**Activity**
Give back each entry exactly as written, apart from the pictures.

**Provided material**
────────────────

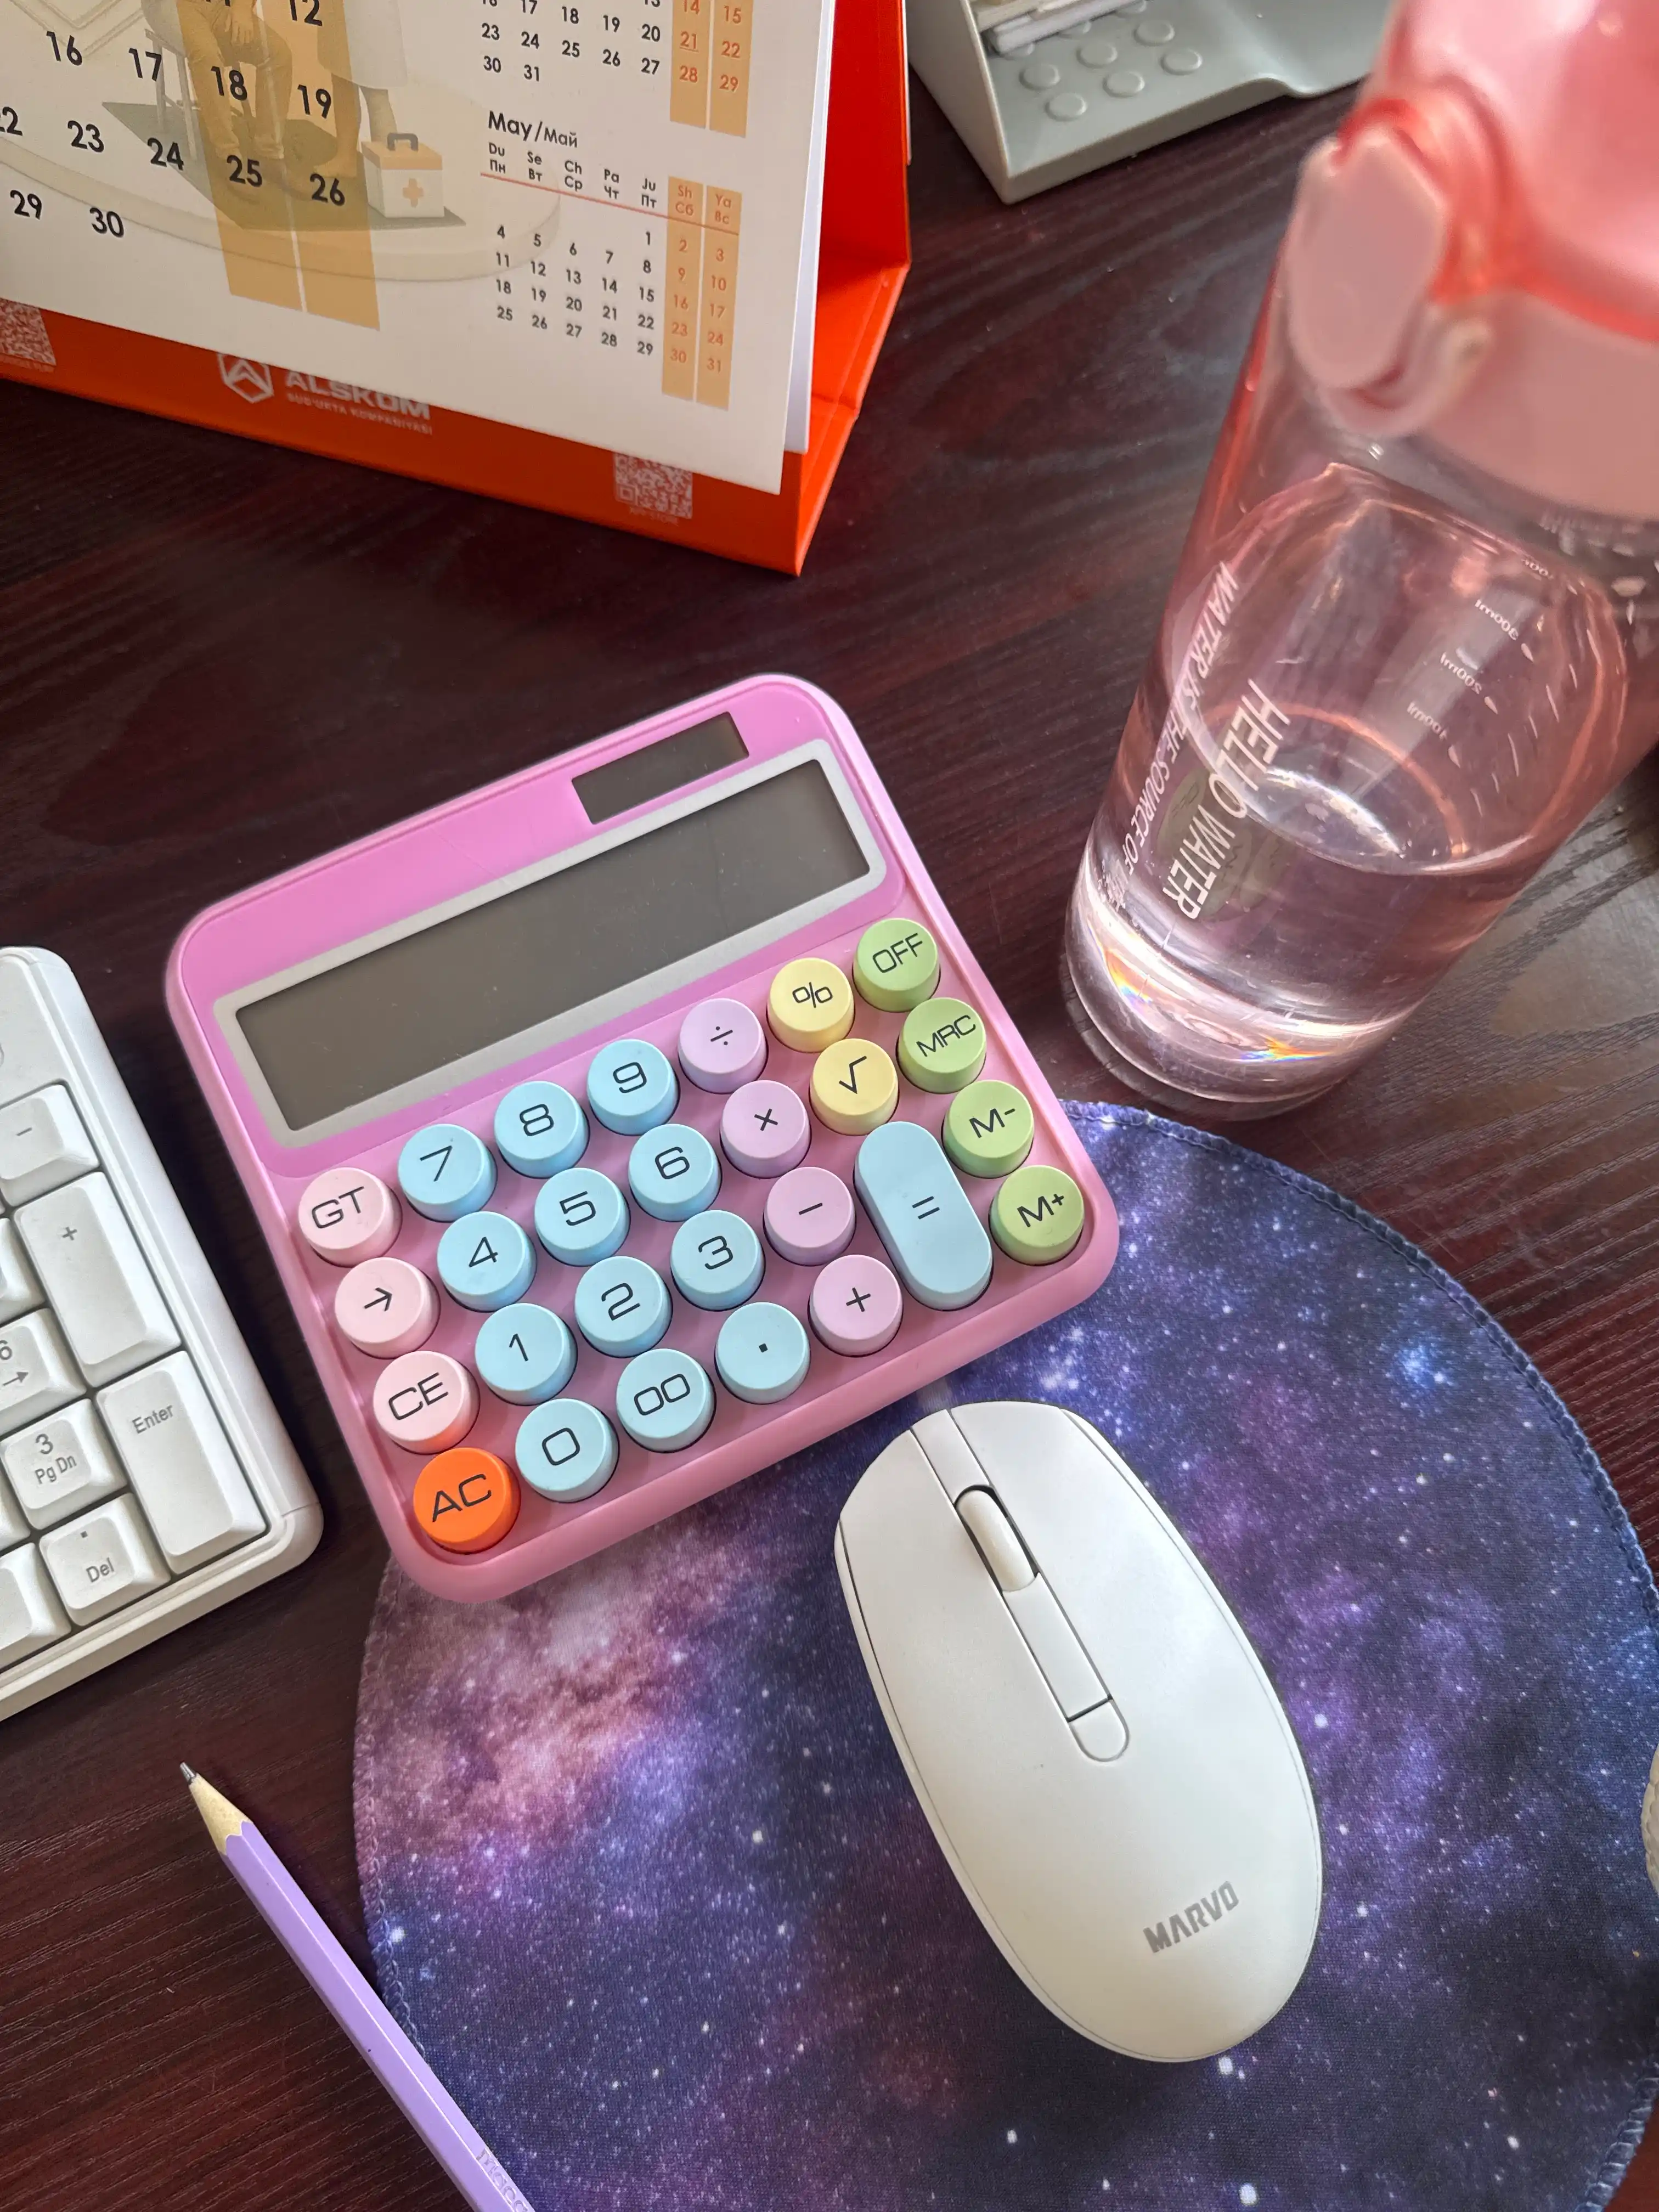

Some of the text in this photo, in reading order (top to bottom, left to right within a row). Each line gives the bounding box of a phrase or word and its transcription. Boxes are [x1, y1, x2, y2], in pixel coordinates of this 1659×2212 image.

[289, 0, 323, 26] 12
[522, 0, 740, 59] 17 18 19 20 21 22
[684, 0, 741, 24] 14 15
[46, 31, 331, 119] 16 17 18 19
[482, 22, 738, 92] 23 24 25 26 27 28 29
[483, 55, 539, 82] 30 31
[67, 120, 104, 153] 23
[147, 137, 184, 171] 24
[227, 155, 262, 187] 25
[309, 173, 345, 206] 26
[489, 142, 732, 208] Du Se Ch Pa Ju Sh Ya
[490, 159, 506, 174] Пн
[528, 168, 543, 182] Вт
[565, 175, 583, 191] Ср
[604, 185, 619, 200] Чт
[641, 194, 657, 208] Пт
[10, 190, 124, 238] 29 30
[497, 225, 726, 291] 4 5 6 7 8 9 10
[646, 232, 724, 262] 1 2 3
[496, 252, 725, 318] 11 12 13 14 15 16 17
[496, 279, 723, 346] 18 19 20 21 22 23 24
[497, 305, 721, 373] 25 26 27 28 29 30 31
[1189, 561, 1239, 680] WATER
[1131, 750, 1170, 848] SOURCE
[1163, 678, 1290, 919] HELLO WATER
[1122, 833, 1138, 876] OF
[872, 933, 923, 973] OFF
[916, 1014, 976, 1057] MRC
[613, 1062, 647, 1093] 9
[519, 1104, 554, 1137] 8
[969, 1108, 1015, 1138] M-
[420, 1145, 453, 1182] 7
[654, 1146, 690, 1180] 6
[312, 1186, 364, 1229] GT
[559, 1190, 596, 1226] 5
[1017, 1193, 1064, 1228] M+
[469, 1237, 499, 1268] 4
[698, 1235, 733, 1270] 3
[601, 1283, 641, 1321] 2
[509, 1333, 529, 1362] 1
[388, 1372, 449, 1420] CE
[634, 1373, 691, 1416] 00
[132, 1405, 173, 1434] Enter
[35, 1434, 54, 1454] 3
[541, 1427, 580, 1466] 0
[34, 1455, 77, 1484] Pg Dn
[432, 1474, 492, 1522] AC
[86, 1557, 115, 1583] Del
[1142, 1885, 1238, 1954] MARVO

────────────────

**Answer for the task**
Some of the text in this photo, in reading order (top to bottom, left to right within a row). Each line gives the bounding box of a phrase or word and its transcription. Boxes are [x1, y1, x2, y2], in pixel coordinates of this 1659×2212 image.

[289, 0, 323, 26] 12
[522, 0, 740, 59] 17 18 19 20 21 22
[684, 0, 741, 24] 14 15
[46, 31, 331, 119] 16 17 18 19
[482, 22, 738, 92] 23 24 25 26 27 28 29
[483, 55, 539, 82] 30 31
[67, 120, 104, 153] 23
[147, 137, 184, 171] 24
[227, 155, 262, 187] 25
[309, 173, 345, 206] 26
[489, 142, 732, 208] Du Se Ch Pa Ju Sh Ya
[490, 159, 506, 174] Пн
[528, 168, 543, 182] Вт
[565, 175, 583, 191] Ср
[604, 185, 619, 200] Чт
[641, 194, 657, 208] Пт
[10, 190, 124, 238] 29 30
[497, 225, 726, 291] 4 5 6 7 8 9 10
[646, 232, 724, 262] 1 2 3
[496, 252, 725, 318] 11 12 13 14 15 16 17
[496, 279, 723, 346] 18 19 20 21 22 23 24
[497, 305, 721, 373] 25 26 27 28 29 30 31
[1189, 561, 1239, 680] WATER
[1131, 750, 1170, 848] SOURCE
[1163, 678, 1290, 919] HELLO WATER
[1122, 833, 1138, 876] OF
[872, 933, 923, 973] OFF
[916, 1014, 976, 1057] MRC
[613, 1062, 647, 1093] 9
[519, 1104, 554, 1137] 8
[969, 1108, 1015, 1138] M-
[420, 1145, 453, 1182] 7
[654, 1146, 690, 1180] 6
[312, 1186, 364, 1229] GT
[559, 1190, 596, 1226] 5
[1017, 1193, 1064, 1228] M+
[469, 1237, 499, 1268] 4
[698, 1235, 733, 1270] 3
[601, 1283, 641, 1321] 2
[509, 1333, 529, 1362] 1
[388, 1372, 449, 1420] CE
[634, 1373, 691, 1416] 00
[132, 1405, 173, 1434] Enter
[35, 1434, 54, 1454] 3
[541, 1427, 580, 1466] 0
[34, 1455, 77, 1484] Pg Dn
[432, 1474, 492, 1522] AC
[86, 1557, 115, 1583] Del
[1142, 1885, 1238, 1954] MARVO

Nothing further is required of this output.